Heidi Hart and Beate Schirrmacher trace the history of destroyed and decaying pianos, both sorting them within the realm of artistic violence against instruments and following their return journeys into water, sand, and soil. They parse the artistic vision of Annea Lockwood, whose iconic burning, drowning, and decaying Piano Transplants presented a novel means of drawing attention to the increasing threats of climate change in the 1960s and ’70s. Turning to instruments made from found materials and others played collaboratively with wind and water, they demonstrate how human sound making is entangled in the more-than-human world.
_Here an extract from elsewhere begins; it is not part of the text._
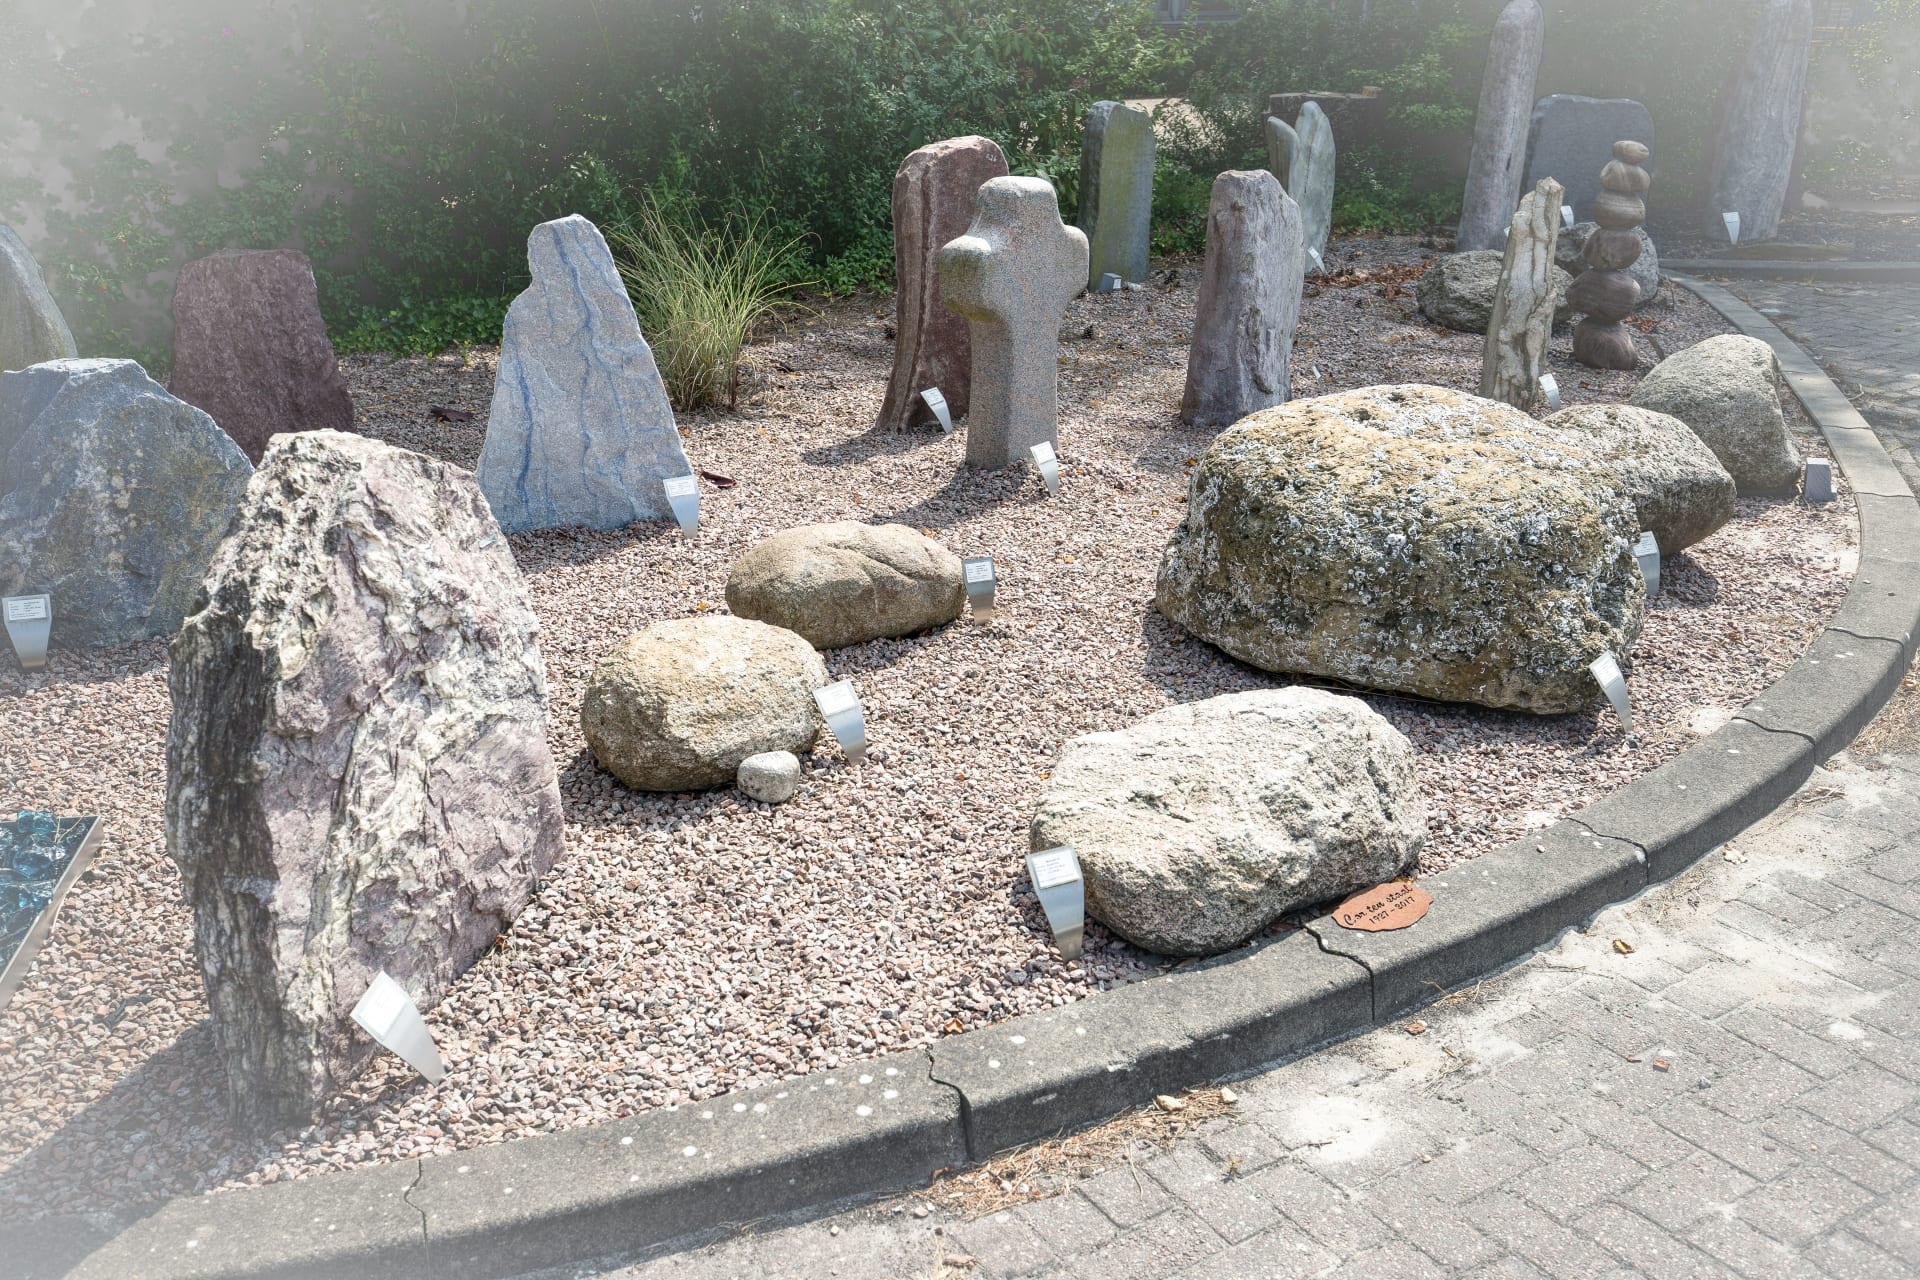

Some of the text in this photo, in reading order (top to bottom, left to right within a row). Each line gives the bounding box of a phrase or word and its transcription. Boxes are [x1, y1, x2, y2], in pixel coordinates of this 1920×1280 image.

[1366, 901, 1385, 912] ten
[1368, 911, 1389, 924] 1927
[1395, 896, 1415, 909] 2017
Showing how the piano can transform conversations around the Anthropocene and environmental destruction, Hart and Schirrmacher find the instrument to be a potent creative and ecological force, a medium to connect with environments in an explorative, attentive way. Piano Decompositions unearths new ways to relate our concepts of curiosity, pleasure, and music to the natural world.

About the Authors

Heidi Hart is an independent arts researcher and guest instructor at Linnaeus University Centre for Intermedial and Multimodal Studies. Beate Schirrmacher is associate professor in comparative literature at Linnaeus University and member of the Linnaeus University Centre for Intermedial and Multimodal Studies.

Table of Contents

  • Acknowledgments
  • Introduction
  • 1. Toward a History of Decomposing Pianos
  • 2. Piano as Medium, Material, and Representation
  • 3. Destruction, Decay, and Entangled Bodies
  • 4. Media and Material Transformations
  • 5. From Damage to Salvage: Instruments for Listening
  • Coda: Re-membering
  • Notes
  • Index

Paperback, published in 2026, 160 pages, 8 black and white illustrations.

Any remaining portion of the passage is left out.